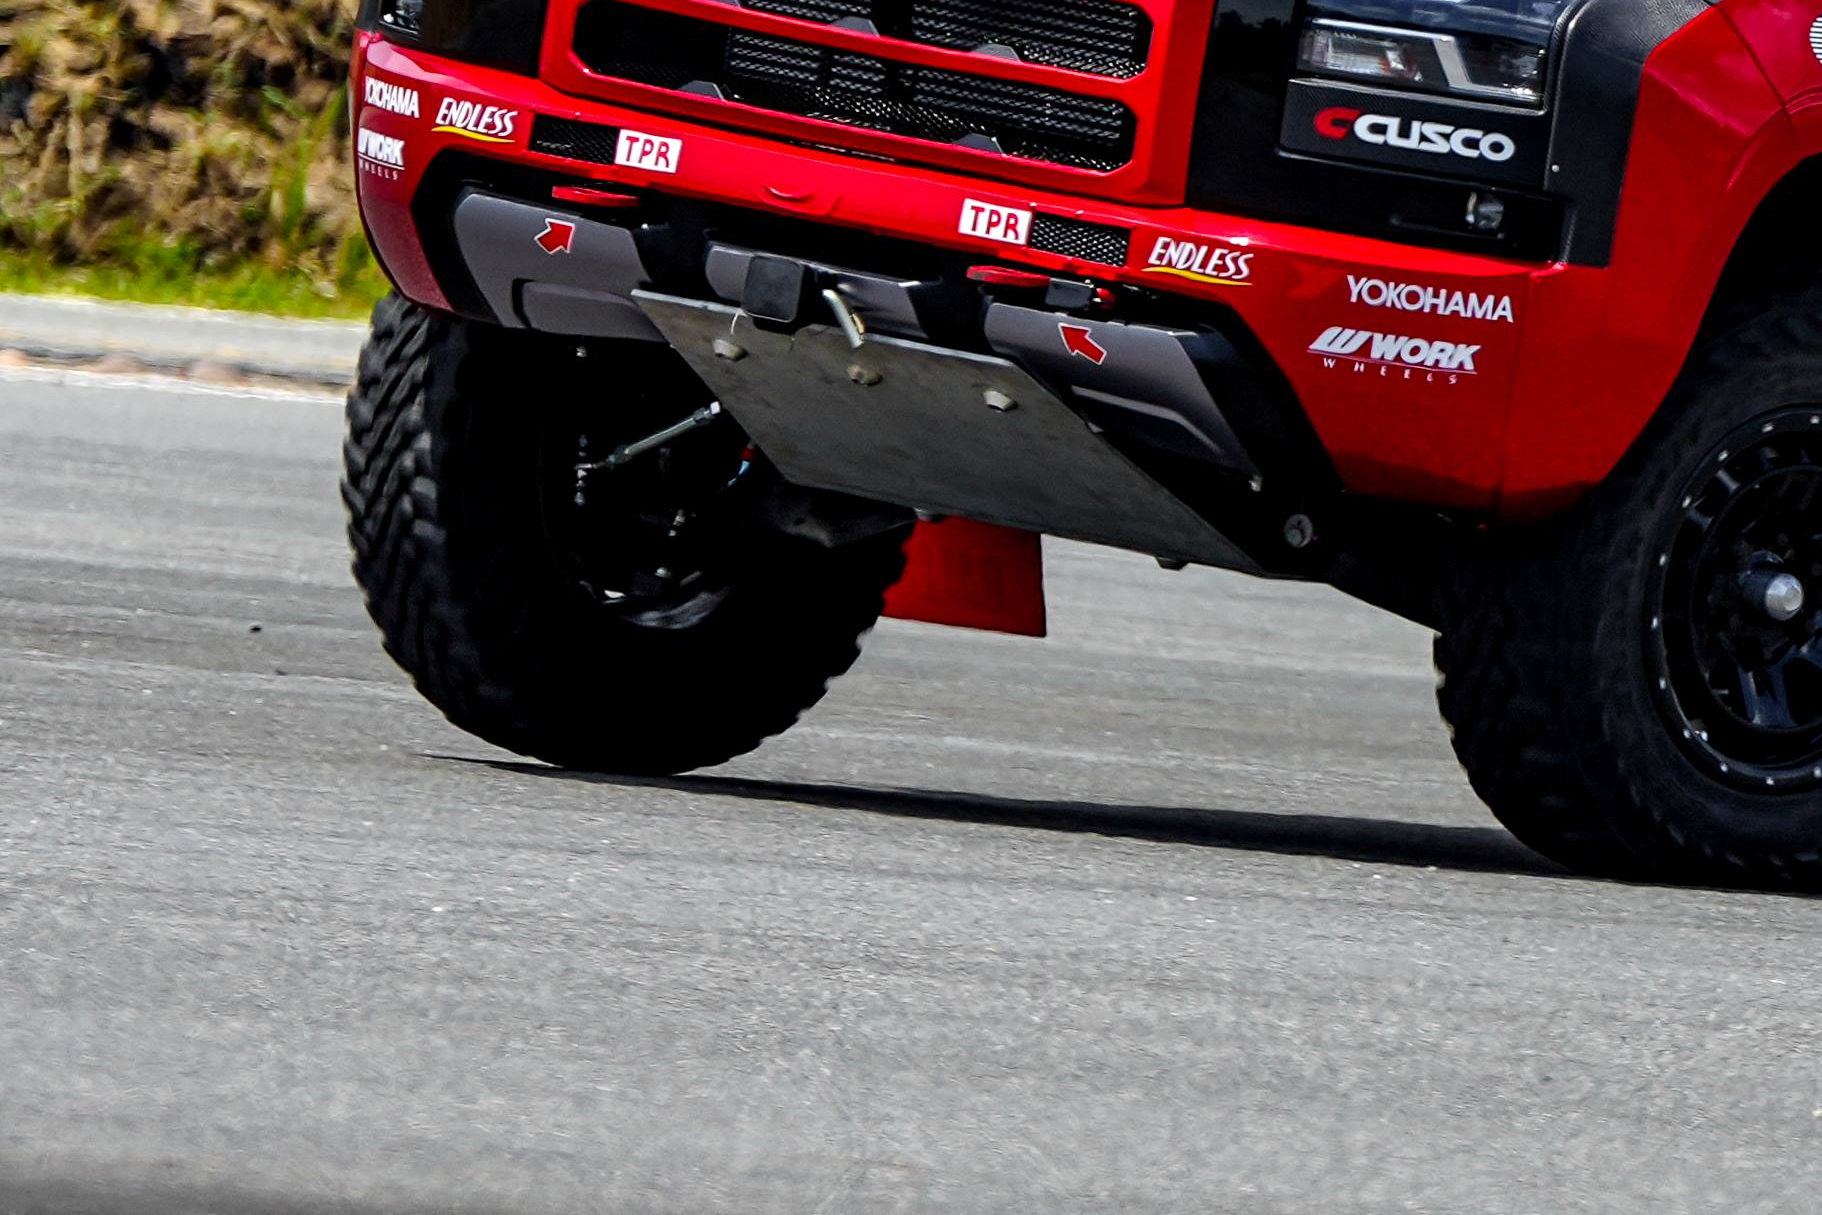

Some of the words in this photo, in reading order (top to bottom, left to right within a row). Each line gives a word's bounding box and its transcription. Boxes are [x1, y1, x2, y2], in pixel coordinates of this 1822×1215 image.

[435, 97, 518, 137] ENDLESS
[624, 139, 671, 169] TPR
[1353, 113, 1516, 162] CUSCO
[967, 205, 1020, 241] TPR
[1150, 237, 1254, 280] ENDLESS
[1346, 274, 1515, 323] YOKOHAMA
[1370, 332, 1483, 371] WORK
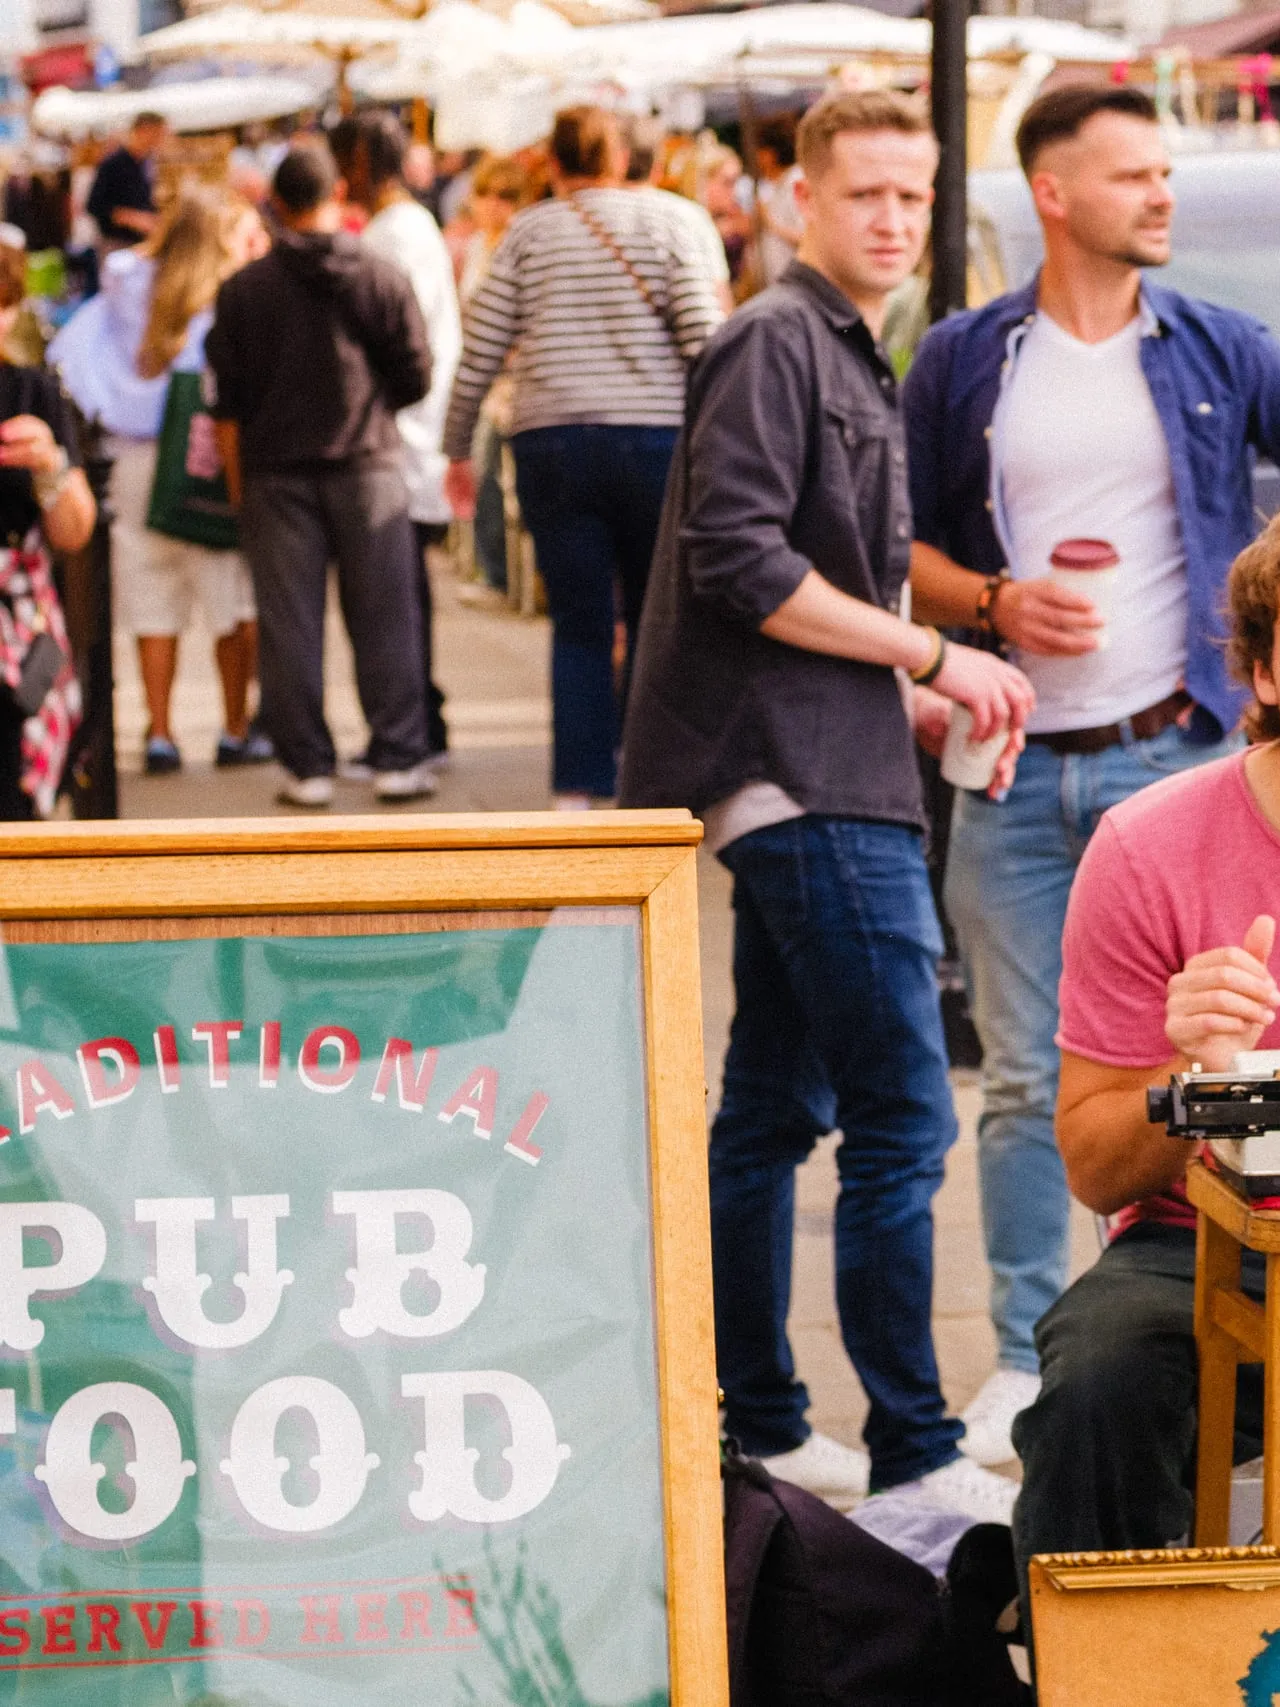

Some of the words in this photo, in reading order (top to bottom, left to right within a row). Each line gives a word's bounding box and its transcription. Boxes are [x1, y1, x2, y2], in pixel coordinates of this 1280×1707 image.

[0, 1189, 487, 1350] PUB
[0, 1370, 572, 1540] OOD
[0, 1599, 272, 1657] SERVED
[299, 1588, 480, 1645] HERE

# HOW TO COMPLETE THIS TASK:
Up to and including the final line of the data above, please copy every line exactly, starting from the one that contains "this 1280×1707 image.".

# RESULT OF THIS EXERCISE:
Some of the words in this photo, in reading order (top to bottom, left to right within a row). Each line gives a word's bounding box and its transcription. Boxes are [x1, y1, x2, y2], in pixel coordinates of this 1280×1707 image.

[0, 1189, 487, 1350] PUB
[0, 1370, 572, 1540] OOD
[0, 1599, 272, 1657] SERVED
[299, 1588, 480, 1645] HERE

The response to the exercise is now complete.